*Data for review*

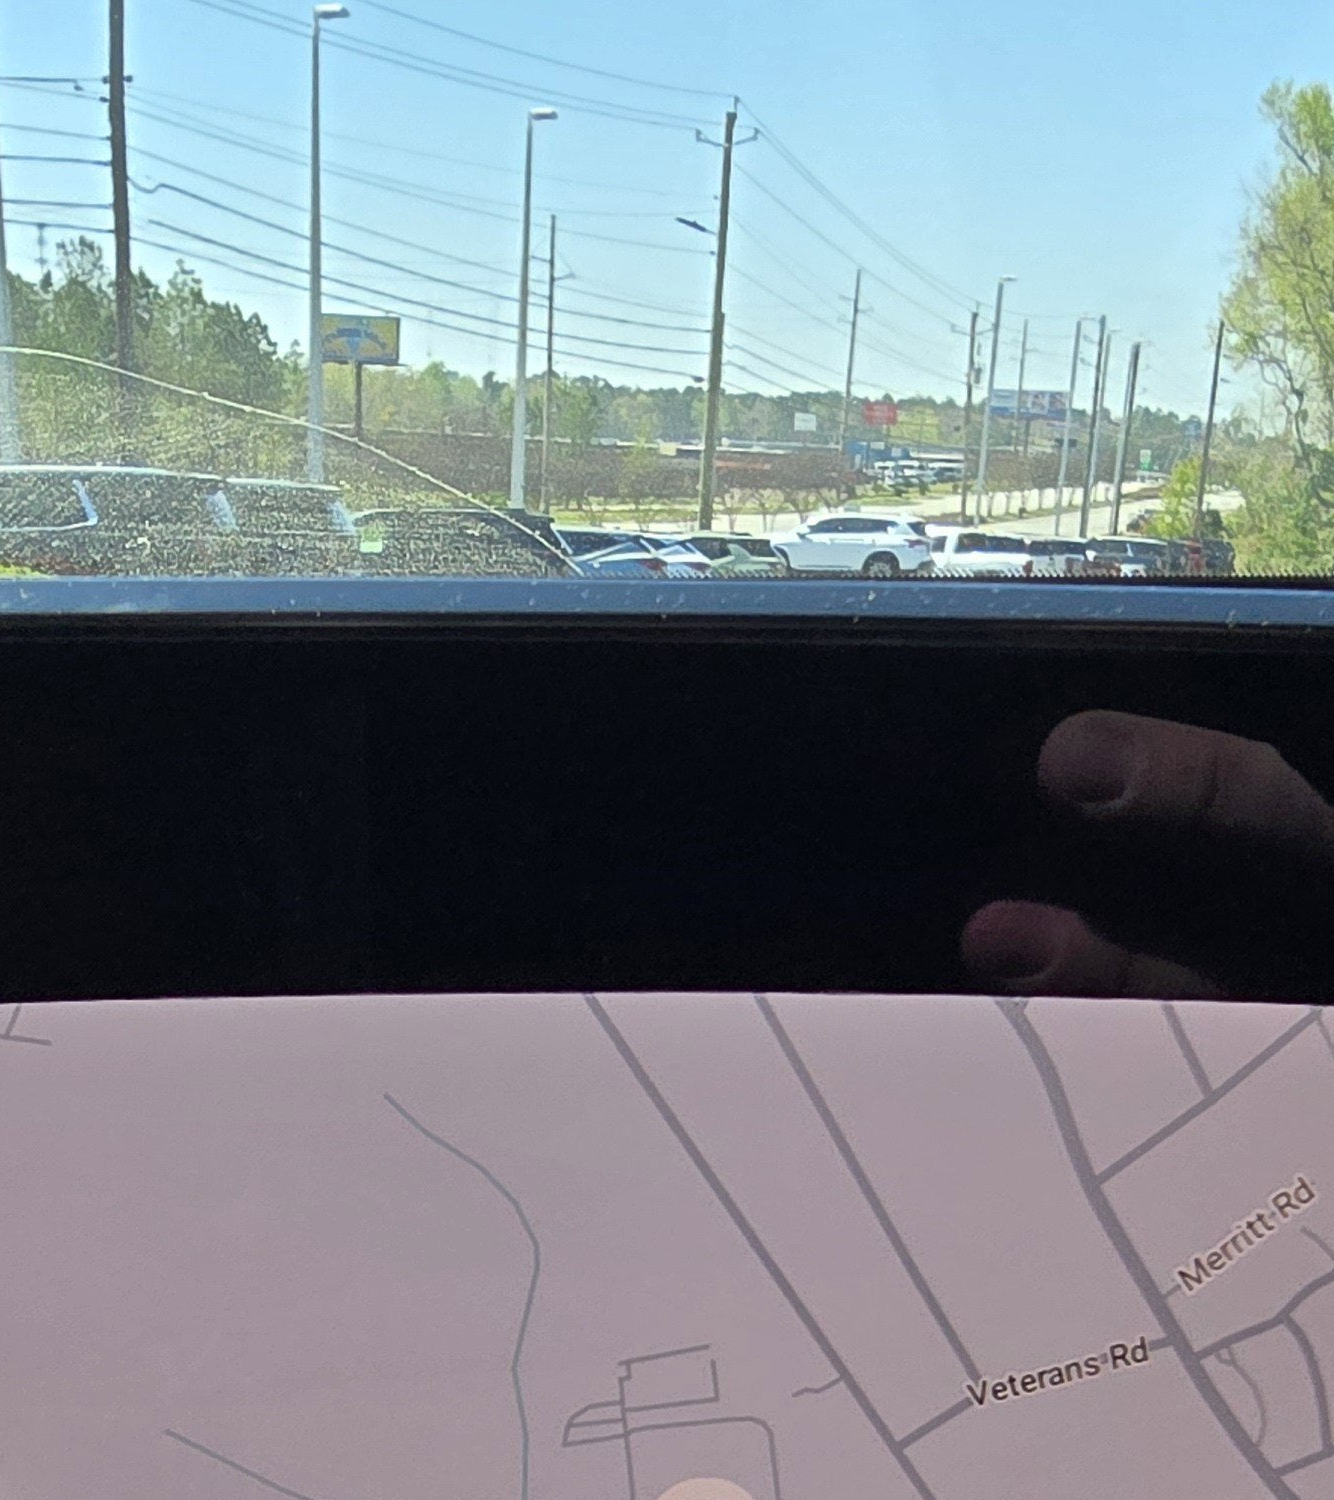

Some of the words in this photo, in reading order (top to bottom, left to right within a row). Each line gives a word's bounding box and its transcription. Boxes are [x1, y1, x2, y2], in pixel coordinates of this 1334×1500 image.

[1177, 1213, 1275, 1292] Merritt
[1272, 1176, 1315, 1219] Rd
[966, 1356, 1101, 1406] Veterans
[1109, 1336, 1149, 1370] Rd

*What to do*
Reproduce the material above in full, images excluded.

*Task result*
Some of the words in this photo, in reading order (top to bottom, left to right within a row). Each line gives a word's bounding box and its transcription. Boxes are [x1, y1, x2, y2], in pixel coordinates of this 1334×1500 image.

[1177, 1213, 1275, 1292] Merritt
[1272, 1176, 1315, 1219] Rd
[966, 1356, 1101, 1406] Veterans
[1109, 1336, 1149, 1370] Rd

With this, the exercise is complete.